[EXTRACTED RECORDS — start]
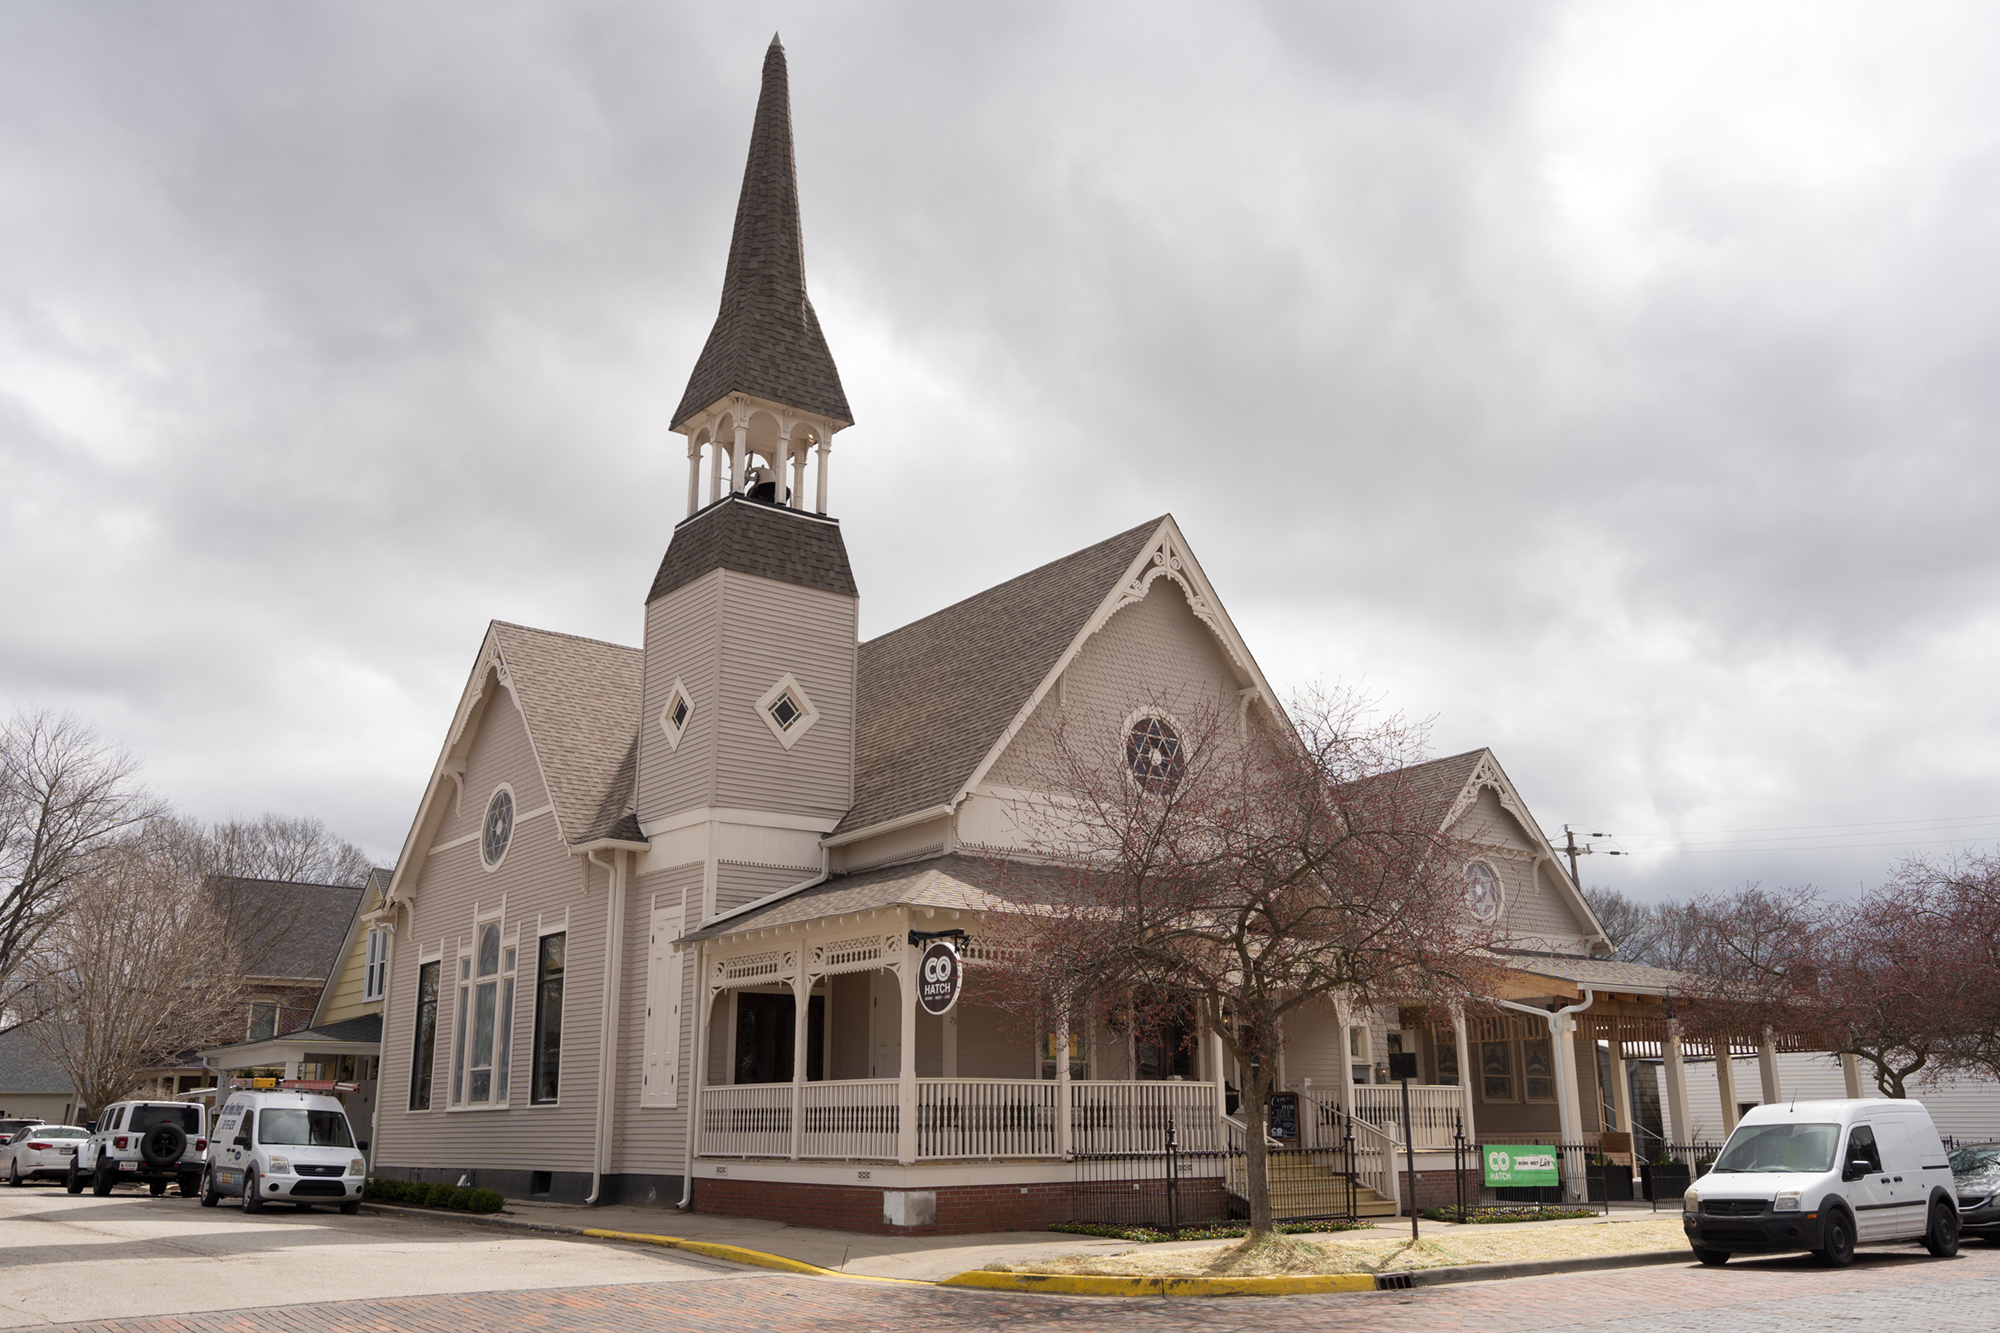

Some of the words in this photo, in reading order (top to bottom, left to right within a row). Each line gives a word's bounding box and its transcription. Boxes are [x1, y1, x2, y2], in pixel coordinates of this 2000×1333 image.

[925, 956, 951, 982] CO
[925, 983, 950, 995] HATCH
[1489, 1152, 1510, 1171] CO
[1490, 1172, 1511, 1180] HATCH
[EXTRACTED RECORDS — finish]
= GOAL OF THE EXERCISE =
Word for word, repeat the material above and drop the pictures.

= EXERCISE SOLUTION =
Some of the words in this photo, in reading order (top to bottom, left to right within a row). Each line gives a word's bounding box and its transcription. Boxes are [x1, y1, x2, y2], in pixel coordinates of this 2000×1333 image.

[925, 956, 951, 982] CO
[925, 983, 950, 995] HATCH
[1489, 1152, 1510, 1171] CO
[1490, 1172, 1511, 1180] HATCH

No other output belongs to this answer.